**THE PROBLEM**
Return the listing below exactly as it stands. Pictures stay out.

------ RAW DATA ------

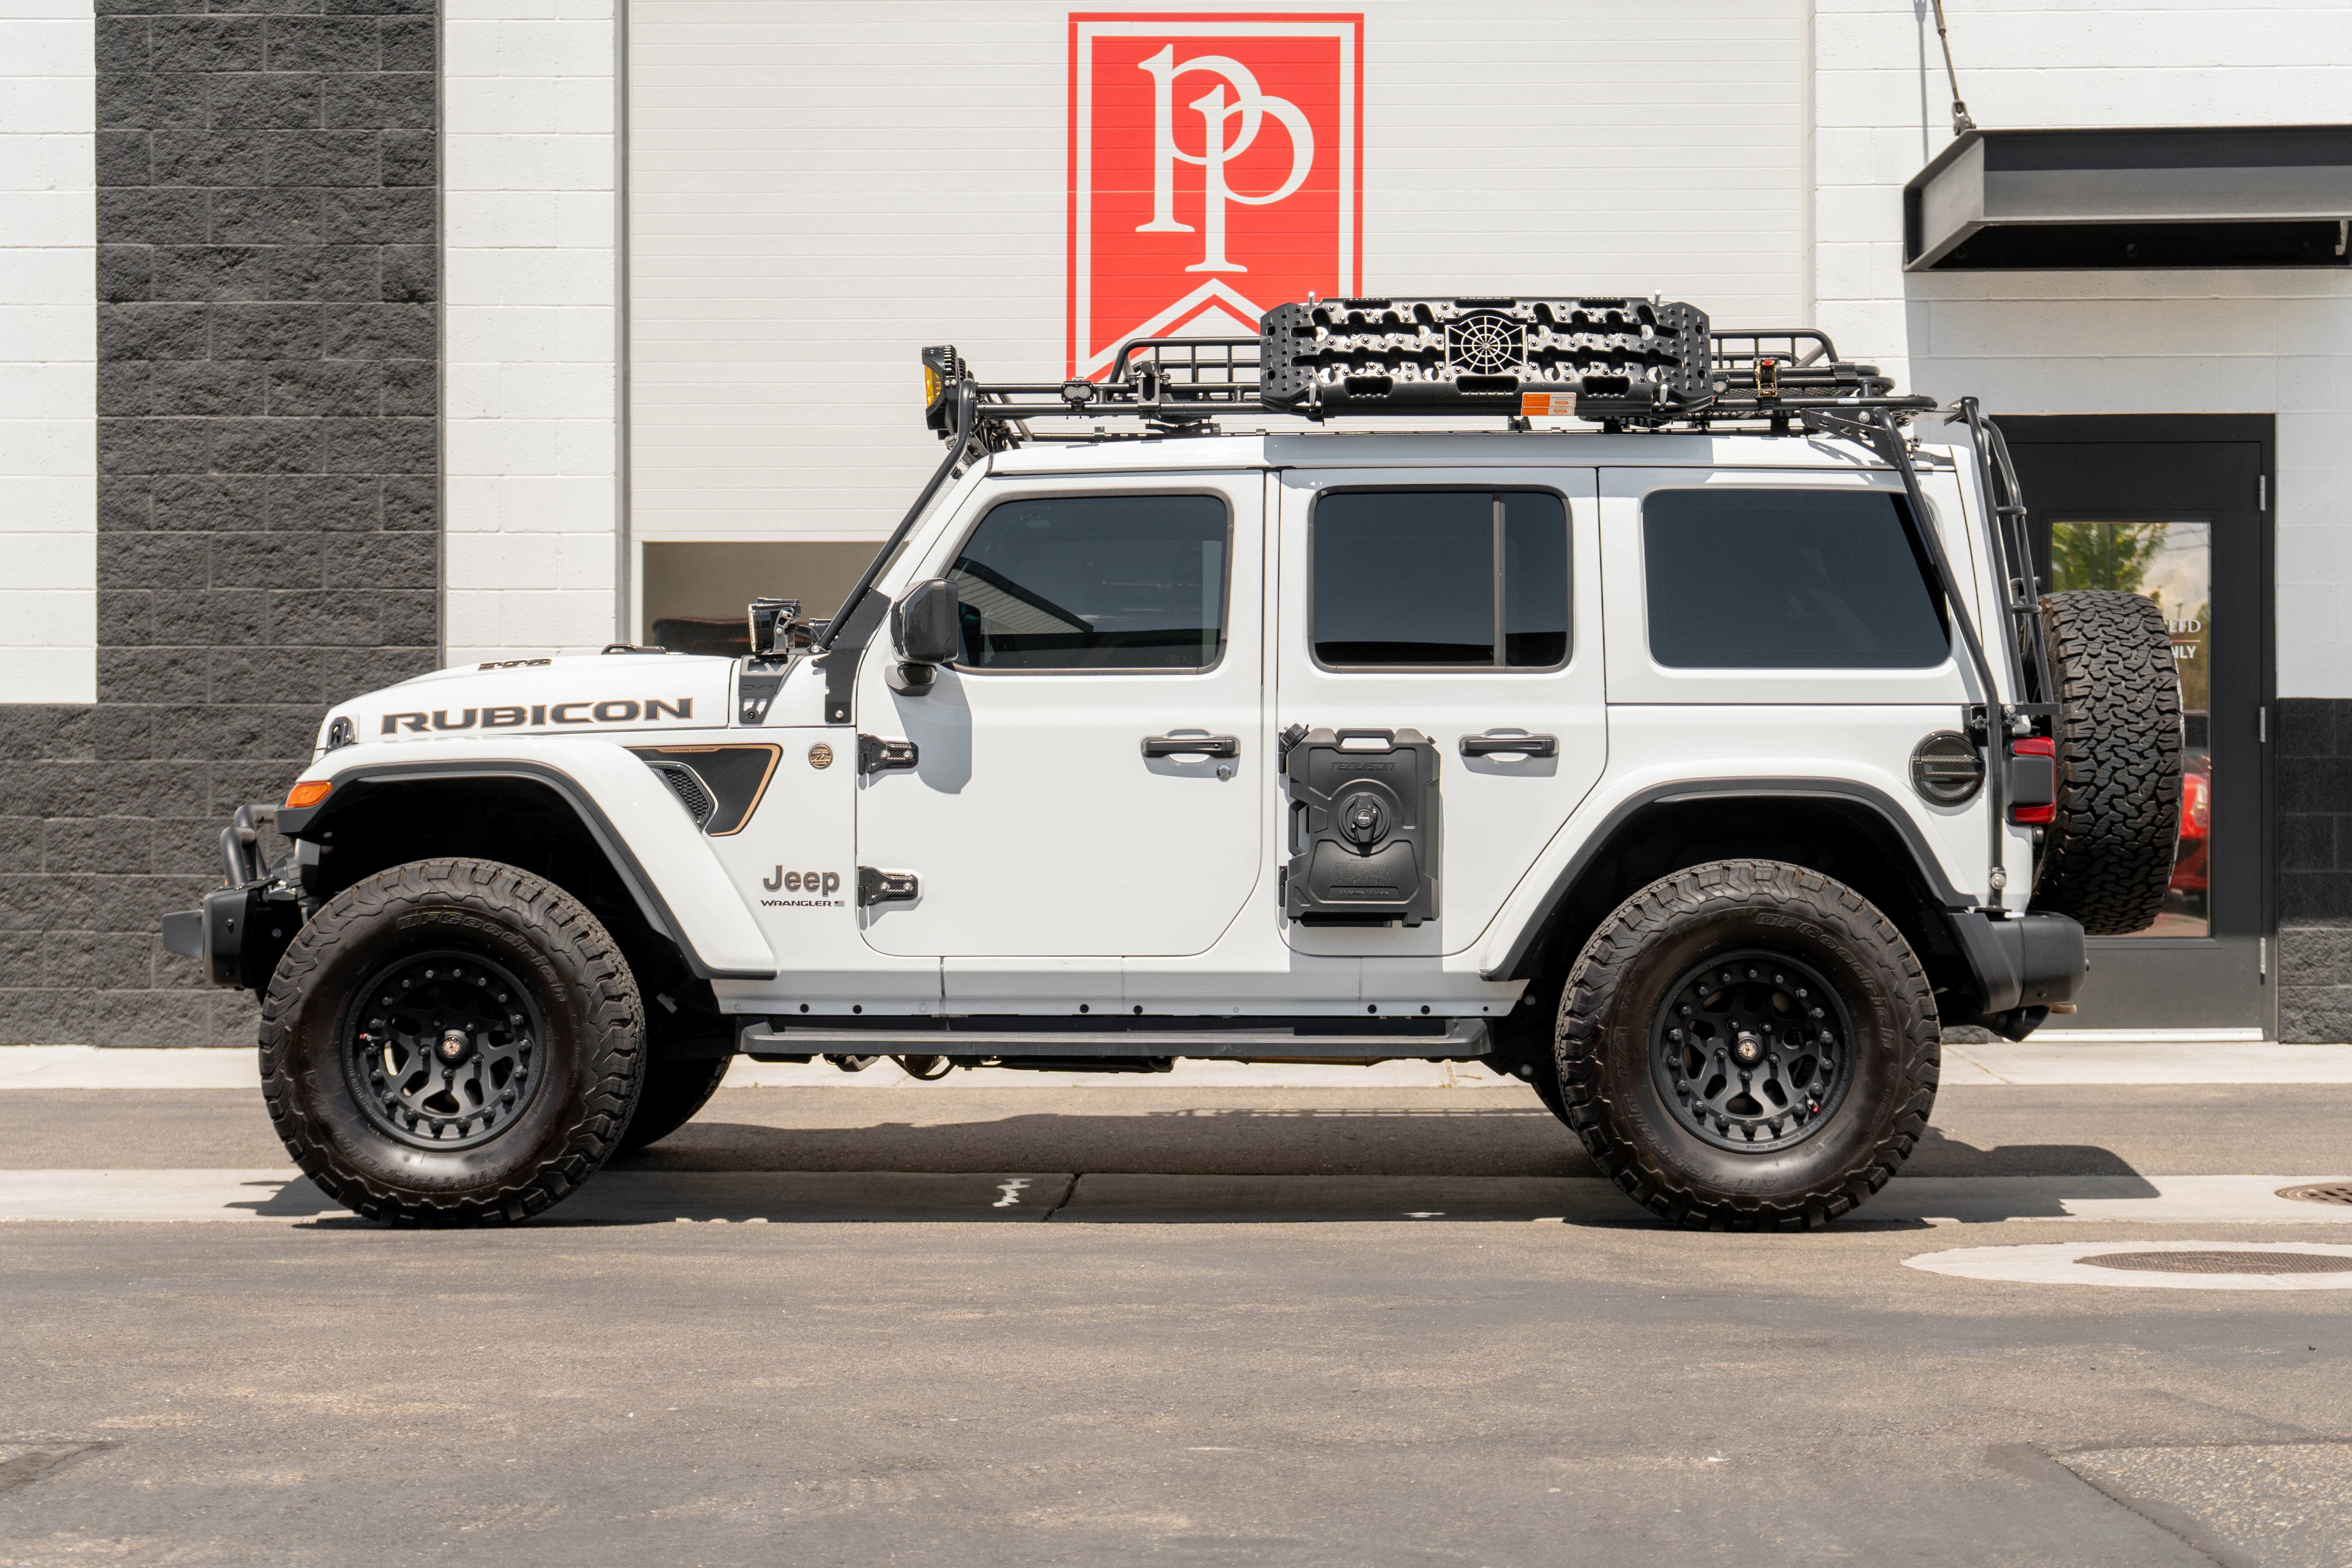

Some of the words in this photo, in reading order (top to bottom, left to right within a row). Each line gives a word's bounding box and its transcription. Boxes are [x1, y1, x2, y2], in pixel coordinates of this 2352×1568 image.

[2169, 619, 2201, 633] LTD
[2171, 645, 2196, 659] NLY
[381, 697, 693, 735] RUBICON
[763, 864, 840, 897] Jeep
[396, 909, 568, 1004] BFGoodrich
[1755, 912, 1897, 1050] BFGoodrich
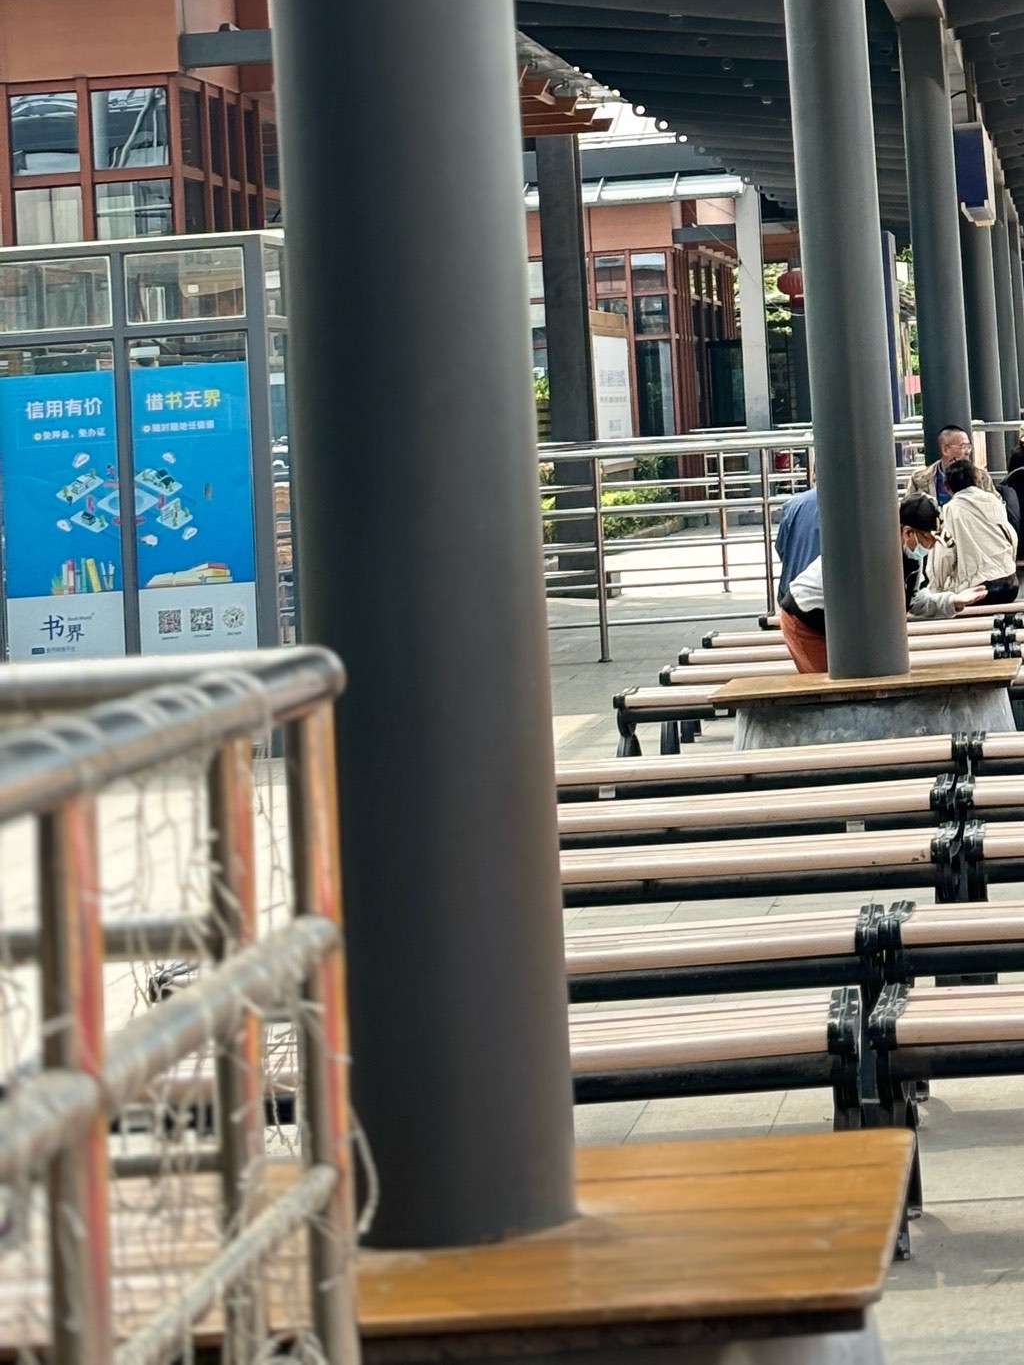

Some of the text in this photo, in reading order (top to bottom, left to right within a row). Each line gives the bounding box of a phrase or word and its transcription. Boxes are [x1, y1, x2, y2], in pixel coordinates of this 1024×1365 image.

[25, 397, 103, 419] 信用有价
[146, 389, 221, 411] 借书无界
[40, 614, 85, 643] 书界

------

**EXERCISE SOLUTION**
Some of the words in this photo, in reading order (top to bottom, left to right within a row). Each line gives a word's bounding box and its transcription. Boxes are [x1, y1, x2, y2], in pixel coordinates of this 2352×1568 image.

[2169, 619, 2201, 633] LTD
[2171, 645, 2196, 659] NLY
[381, 697, 693, 735] RUBICON
[763, 864, 840, 897] Jeep
[396, 909, 568, 1004] BFGoodrich
[1755, 912, 1897, 1050] BFGoodrich

Some of the text in this photo, in reading order (top to bottom, left to right within a row). Each line gives the bounding box of a phrase or word and its transcription. Boxes are [x1, y1, x2, y2], in pixel coordinates of this 1024×1365 image.

[25, 397, 103, 419] 信用有价
[146, 389, 221, 411] 借书无界
[40, 614, 85, 643] 书界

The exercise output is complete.